Die weiteren brandneuen Netflix-Highlights findest du übrigens hier in unserer großen Mai-Vorschau.
Hollywood in der frühen Nachkriegszeit, ganz Amerika träumt davon es dort zu schaffen und groß rauszukommen. Auch Jack (David Corenswet), einem jungen Kriegsveteranen, geht es nicht anders. Blöd nur, dass es Connections braucht, um ins Filmbusiness einzusteigen. Damit er sich und seine Frau trotz mangelnder Filmangebote über Wasser halten kann, heuert er erstmal bei Ernie (Dylan McDermott) an. Der betreibt eine Tankstelle. Und die bietet mit ihren gutaussehenden Mitarbeitern der Klientel mehr als nur Tankauffüllen. Als er dadurch eine Assistentin der Casting-Leiterin der ACE-Studios kennenlernt, hat er endlich einen Fuß in der Tür.
Gleichzeitig versucht auch Archie (Jeremy Pope) den großen Durchbruch in der Industrie zu schaffen. Sein Drehbuch Peg ist vielversprechend, aber die Studios weigern sich, einen Afroamerikaner als Drehbuchautoren zu akzeptieren. Währenddessen wirbt ihn Jack ebenfalls für Ernies Tankstelle an. Dort lernt er den angehenden Schauspieler Rock (Jake Picking) kennen und verliebt sich. Doch die vorherrschende Homophobie erlaubt es ihnen nicht, ihre Gefühle frei auszuleben. Ray (Darren Criss) hingegen stehen als Produzent alle Türen offen und schon bald ergattert er seinen ersten Film, als er sich durch einen Stapel an Drehbüchern liest. Wie es der Zufall will, ist es just eben Archies Geschichte. Und wer wäre perfekter für die Rolle, als Rays überaus talentierte Freundin Camille (Laura Harrier), die bisher trotz ihrer Fähigkeiten nur Rollen als Haushälterin bekommen hat? Wären da nicht der alltägliche Rassismus der Gesellschaft gegenüber Afroamerikanern.

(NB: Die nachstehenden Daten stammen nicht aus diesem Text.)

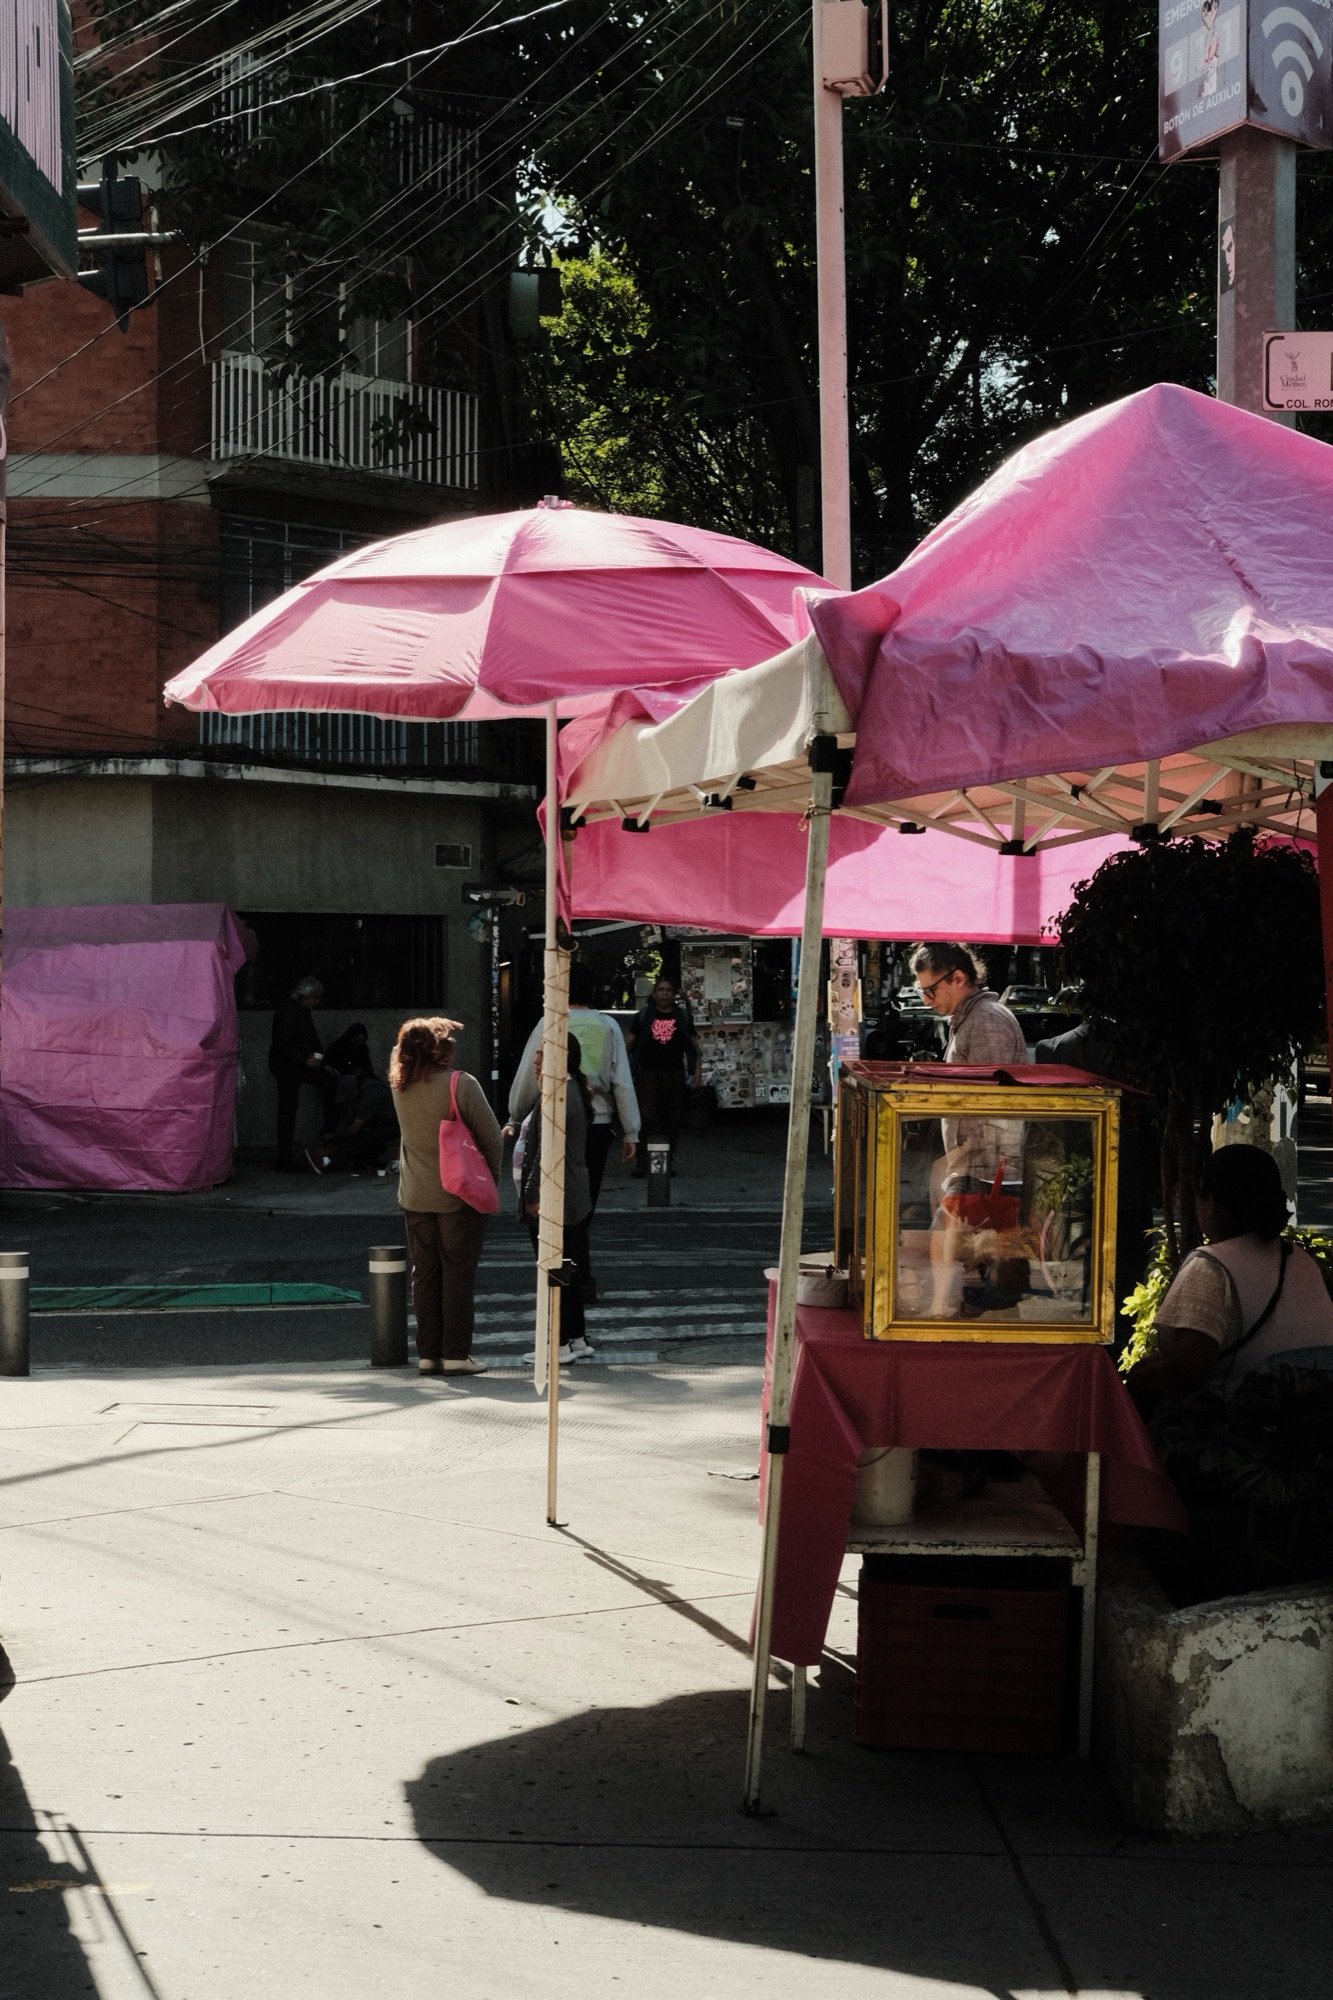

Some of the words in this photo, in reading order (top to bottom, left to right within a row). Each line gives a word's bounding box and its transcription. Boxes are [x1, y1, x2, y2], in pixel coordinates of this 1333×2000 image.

[1163, 107, 1191, 135] BOTÓN
[1192, 100, 1204, 118] DE
[1205, 82, 1241, 112] AUXILIO
[1286, 399, 1311, 409] COL.
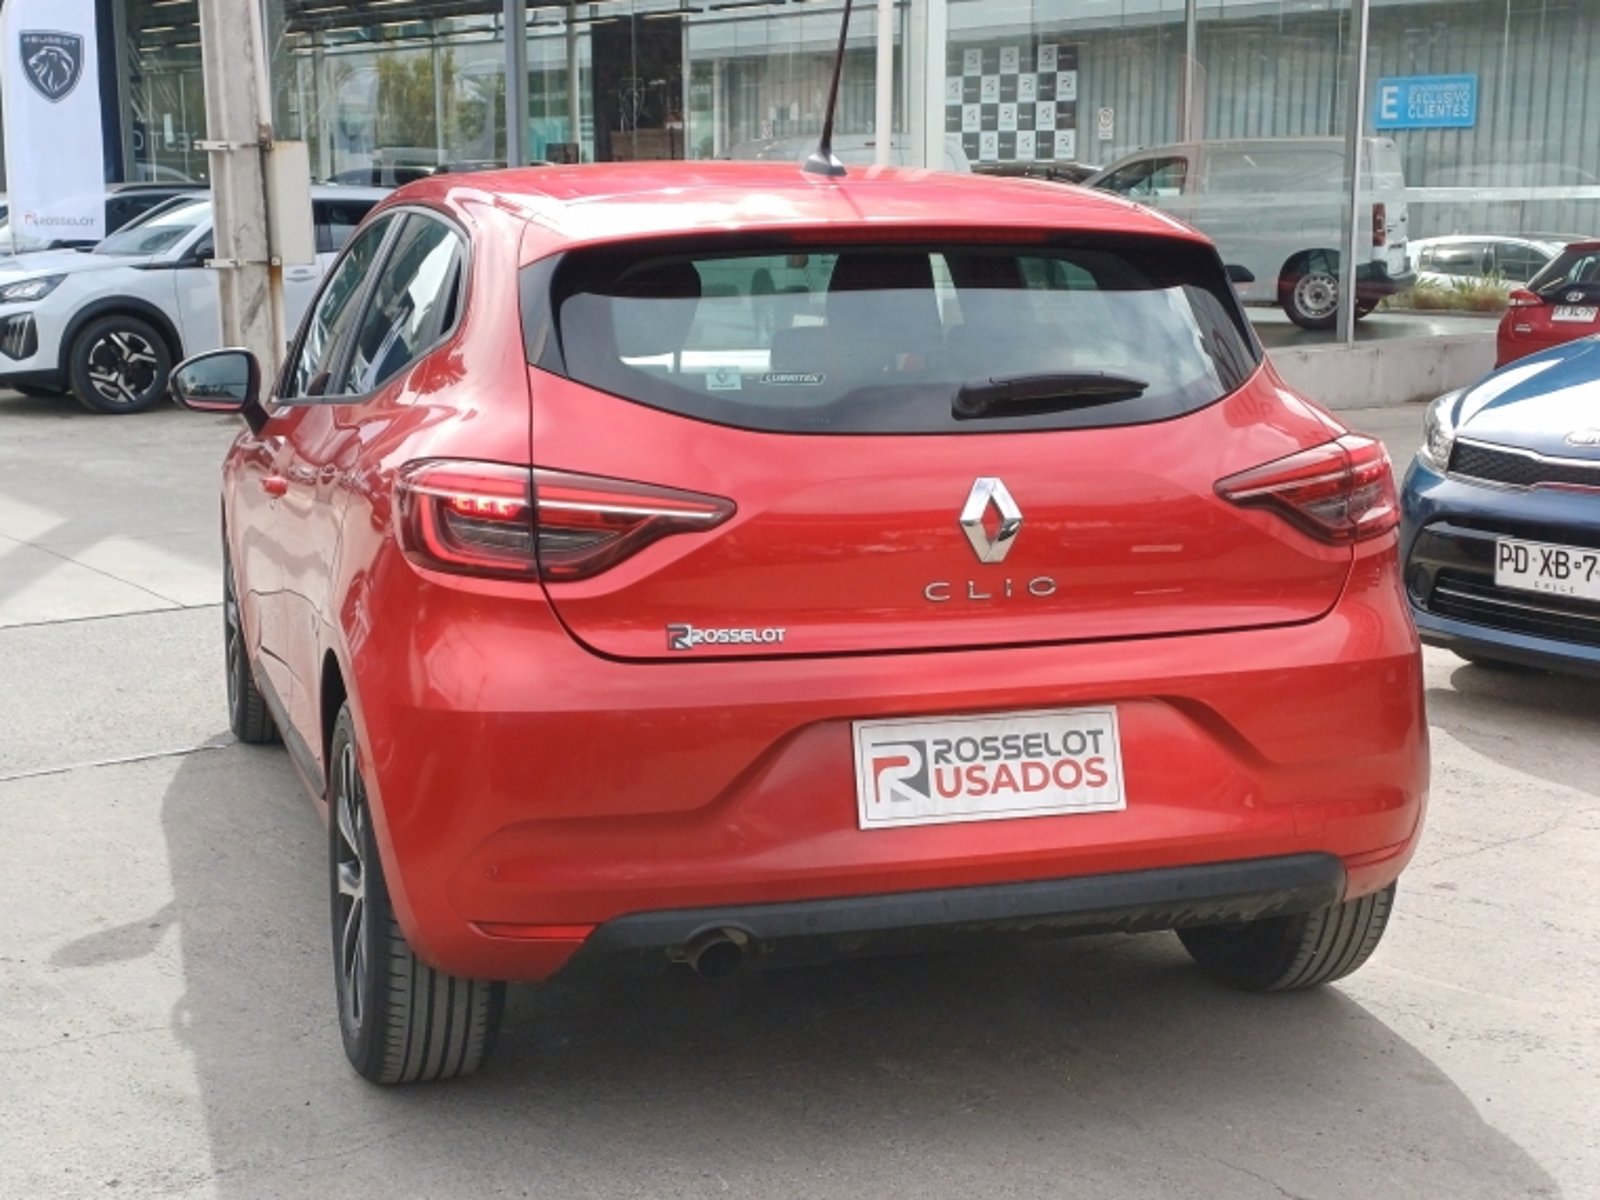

Hollywood ist eine durchweg unterhaltsame Serie. Sie bringt alles mit, was man von Feelgood-Formaten erwartet. Tolle romantische Szenen, schwungvolle Dialoge und ein gutes Gefühl beim Zuschauen. Es ist hier unmöglich, keine Parallelen zu Glee zu ziehen, der überaus erfolgreichen Musical-Serie, die Ryan Murphy lange Zeit produziert und mitgeschrieben hat. Auch in der neuen Netflix-Serie wird den Zuschauern vermittelt, dass alles gut wird, wenn man nur hart genug arbeitet.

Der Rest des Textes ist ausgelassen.